This is another graphic novel for tweens and older, but unlike Marzi, a memoir, War Brothers is a fictionalized account of real events that have occurred in contemporary Uganda. War Brothers is about the fates of four friends as they fall under the domination of Joseph Kony and the Lord’s Resistance Army. The LRA fills its ranks with kidnapped children who are tortured and traumatized until they either die or become child soldiers for Kony, who thinks of himself as some sort of anointed representative for God on earth. War Brothers is dark and violent, as it must be to tell such a story, but the violence is not gratuitous and the ultimate message is one of hope — that if the story is told, if people know, then we can stop Kony and the LRA and perhaps save those who have been taken.
The novel opens in 2002 in Gulu, Uganda, at the home of 14-year-old Kitino Jacob. Jacob is the only child of a prosperous business man; he is a math wiz and enjoys playing soccer with his pal Tony. Tony and Jacob attend George Jones Seminary for Boys along with friend Paul and a new boy named Norman. The boys’ parents are aware of the danger that Kony and the LRA present, and the gated school with extra security guards seems a safe environment. But a nighttime LRA raid leads to the capture and kidnapping of the student body, who are force-marched into the jungle. What happens to them there is horrifying and harrowing. They are beaten and encouraged to harm each other; the weak are killed, often by other students at the command of LRA soldiers, many of whom are still children themselves. Only soldiers get to eat. Females are segregated and treated as slaves/wives. To speak to them means death for the girl and a beating for the boy. And those who try to run away, like the girl Hannah, are subject to a hideous punishment. Jacob tries to hold onto his faith and his hope that his father will help effect a rescue, but as time passes, it becomes clear that rescue will only come if Jacob can do it for himself. He and a few others work out a very risky plan. Since we know from the first pages that Jacob is telling this story in retrospect, we know that he has made it out safely, but we don’t know about his friends or how life changes after captivity.
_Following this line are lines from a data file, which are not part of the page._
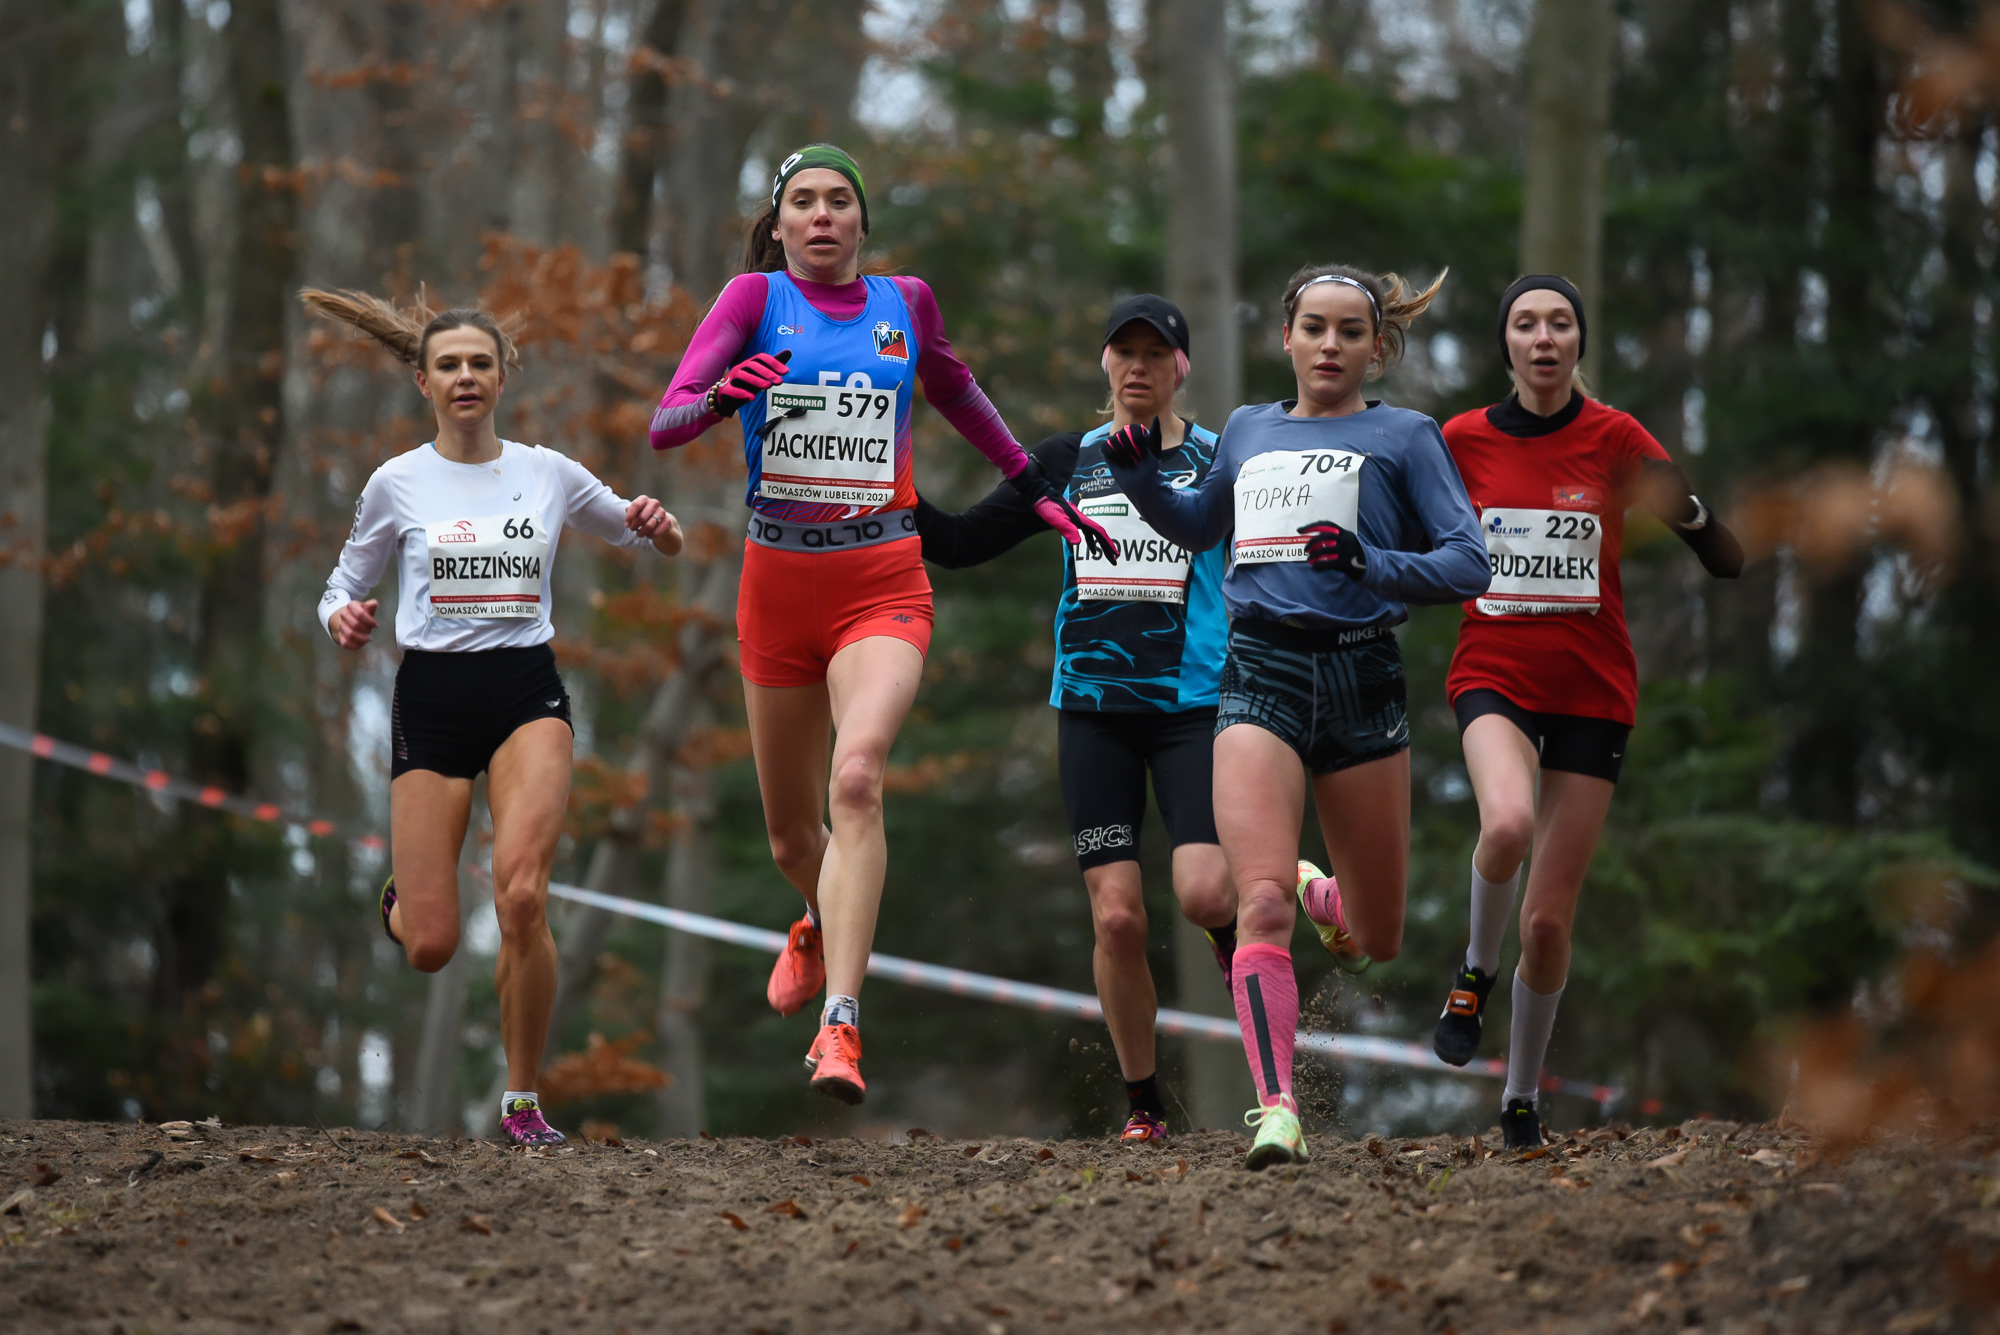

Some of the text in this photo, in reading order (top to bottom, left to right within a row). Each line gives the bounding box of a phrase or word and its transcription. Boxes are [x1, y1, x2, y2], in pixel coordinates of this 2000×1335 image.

[773, 396, 823, 408] BOGDANKA
[837, 393, 889, 419] 579
[767, 432, 888, 464] JACKIEWICZ
[1300, 454, 1353, 475] 704
[767, 485, 888, 502] TOMASZÓW LUBELSKI 2021
[1242, 483, 1313, 511] TOPKA
[1083, 505, 1127, 516] BOGDANKA
[503, 518, 534, 539] 66
[1495, 526, 1531, 535] OLIMP
[1545, 515, 1596, 540] 229
[439, 534, 475, 542] ORLEN
[1235, 547, 1309, 560] OMASZÓW LUBE
[433, 551, 540, 580] BRZEZIŃSKA
[1489, 554, 1596, 580] BUDZIŁEK
[1078, 587, 1125, 598] OMASZÓW
[1128, 589, 1166, 598] LUBELSKI
[435, 604, 538, 615] TOMASZÓW LUBELSKI 2021
[1483, 603, 1532, 613] TOMASZÓW
[891, 614, 915, 624] 4F
[1338, 625, 1376, 645] NIKE
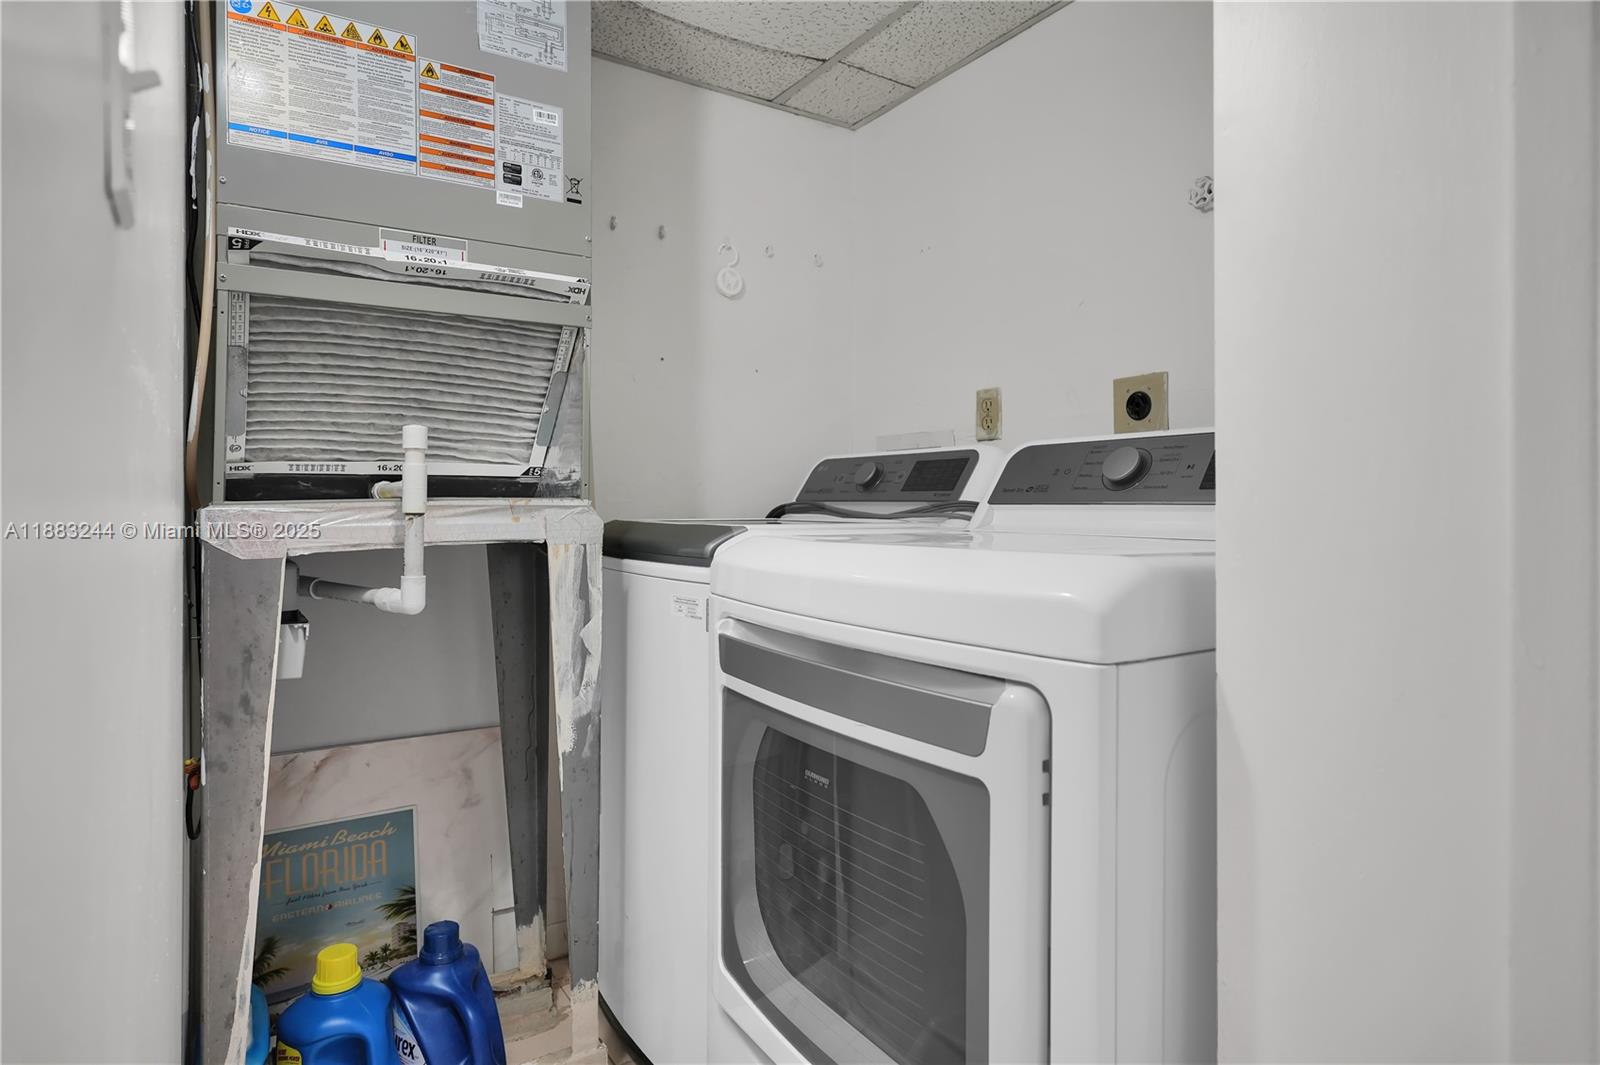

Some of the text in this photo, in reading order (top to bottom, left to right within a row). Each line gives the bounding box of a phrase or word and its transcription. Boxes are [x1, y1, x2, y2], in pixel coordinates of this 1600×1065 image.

[249, 127, 270, 135] NOTICE
[236, 229, 261, 237] HDX
[232, 238, 242, 249] 5
[412, 234, 437, 246] FILTER
[568, 286, 586, 295] HDX
[229, 464, 251, 472] HDX
[534, 467, 541, 476] 5
[263, 820, 399, 858] Miami Beach
[263, 839, 389, 898] FLORIDA
[272, 905, 323, 922] EASTERN
[395, 1034, 416, 1060] rex
As with Marzi, the art work in War Brothers reflects the changing mood of the novel. The dark and violent passages are visually obvious when you pick up the book as they are marked by black borders. Artist Daniel Lafrance shows the natural beauty of Uganda both in the jungle and in the state park that attracts foreign tourists and seems to act as a no-man’s land in the battle between government forces and the LRA.
At the end of the novel, Jacob writes out some pertinent and provocative questions for the reader, which would be wonderful for a classroom discussion. Who is the victim and who is the criminal here? What kind of punishment should be meted out for child soldiers of the LRA? Who is responsible? And this: “What happens when the child becomes an adult and continues on his or her path of destruction?” Ultimately Jacob and the other survivors believe that telling this story will lead to change. But does it? Kony and the LRA are still on the loose. Those child soldiers who returned from captivity were sometimes rejected by their families and communities. And if you think about it, how do we in the US treat those who have been incarcerated and return to our community? War Brothers challenges the reader to consider the circumstances that lead to violence and brutality, as well as society’s reaction to criminals and victims.
This book is also available as a traditional novel (194 pages) by Sharon McKay.